*TASK OBJECTIVE*. Among the entries below, find each line holding "Dune" and return it.
○ ○ ○ ○ ○
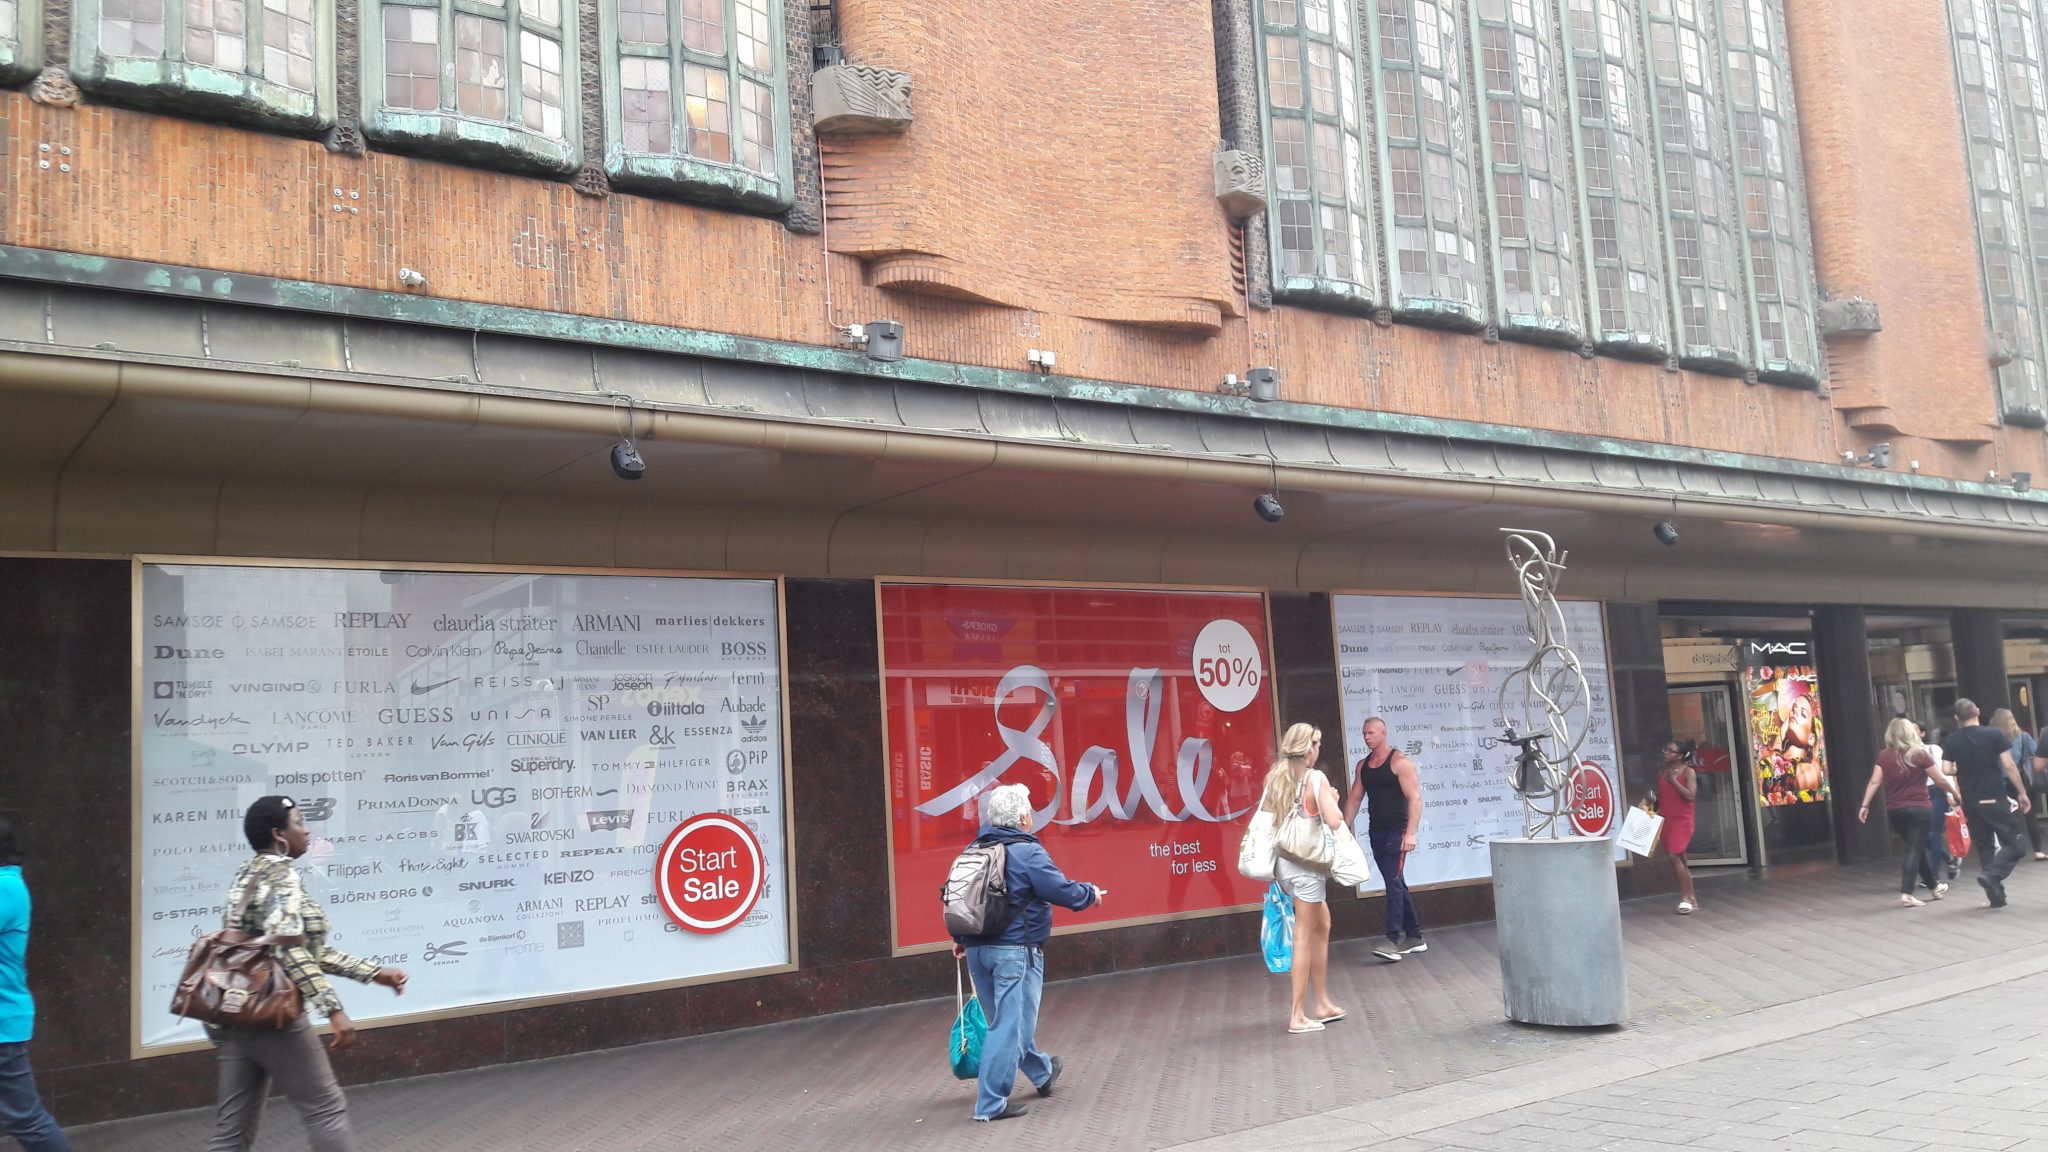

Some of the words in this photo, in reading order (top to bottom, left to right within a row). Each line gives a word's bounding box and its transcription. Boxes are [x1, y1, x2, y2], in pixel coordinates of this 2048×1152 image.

[334, 612, 411, 629] REPLAY
[433, 614, 495, 631] claudia
[500, 614, 557, 631] sträter
[572, 615, 641, 631] ARMANI
[656, 616, 707, 626] marlies
[714, 616, 765, 626] dekkers
[1411, 623, 1443, 633] REPLAY
[153, 645, 225, 659] Dune
[406, 645, 448, 657] Calvin
[451, 645, 481, 656] Klein
[495, 641, 526, 660] Pepe
[525, 642, 563, 660] Jeans
[576, 640, 626, 656] Chantelle
[721, 642, 767, 656] BOSS
[1218, 644, 1231, 654] tot
[1341, 644, 1368, 653] Dune
[1200, 657, 1258, 687] 50%
[231, 683, 305, 692] VINGINO
[334, 681, 395, 694] FURLA
[475, 676, 532, 688] REISS
[1434, 684, 1466, 694] GUESS
[720, 697, 766, 713] Aubade
[378, 707, 453, 724] GUESS
[581, 730, 605, 741] VAN
[610, 729, 637, 740] LIER
[684, 727, 733, 736] ESSENZA
[741, 734, 767, 743] adidas
[327, 738, 354, 748] TED
[367, 736, 414, 747] BAKER
[507, 733, 566, 745] CLINIQUE
[233, 742, 309, 754] OLYMP
[914, 665, 1262, 833] Sale
[592, 761, 640, 771] TOMMY
[659, 758, 710, 768] HILFIGER
[275, 772, 308, 787] pols
[311, 770, 362, 786] potten
[727, 779, 768, 792] BRAX
[471, 788, 516, 808] UGG
[532, 786, 593, 800] BIOTHERM
[1576, 784, 1601, 800] Start
[153, 811, 207, 823] KAREN
[216, 810, 246, 819] MIL
[1579, 804, 1604, 819] Sale
[375, 831, 438, 841] JACOBS
[506, 829, 574, 844] SWAROVSKI
[561, 847, 624, 857] REPEAT
[1150, 842, 1170, 857] the
[1173, 840, 1201, 856] best
[479, 851, 549, 864] SELECTED
[680, 847, 737, 873] Start
[328, 865, 369, 878] Filippa
[372, 862, 382, 873] K
[1171, 858, 1189, 874] for
[1192, 857, 1217, 873] less
[544, 870, 594, 885] KENZO
[459, 879, 514, 891] SNURK
[684, 877, 739, 903] Sale
[330, 891, 376, 904] BJÖRN
[380, 888, 417, 899] BORG
[516, 898, 563, 912] ARMANI
[575, 895, 630, 912] REPLAY
[153, 908, 208, 920] G-STAR
[443, 914, 504, 927] AQUANOVA
○ ○ ○ ○ ○
*RESULT FOR THIS EXERCISE*.
[153, 645, 225, 659] Dune
[1341, 644, 1368, 653] Dune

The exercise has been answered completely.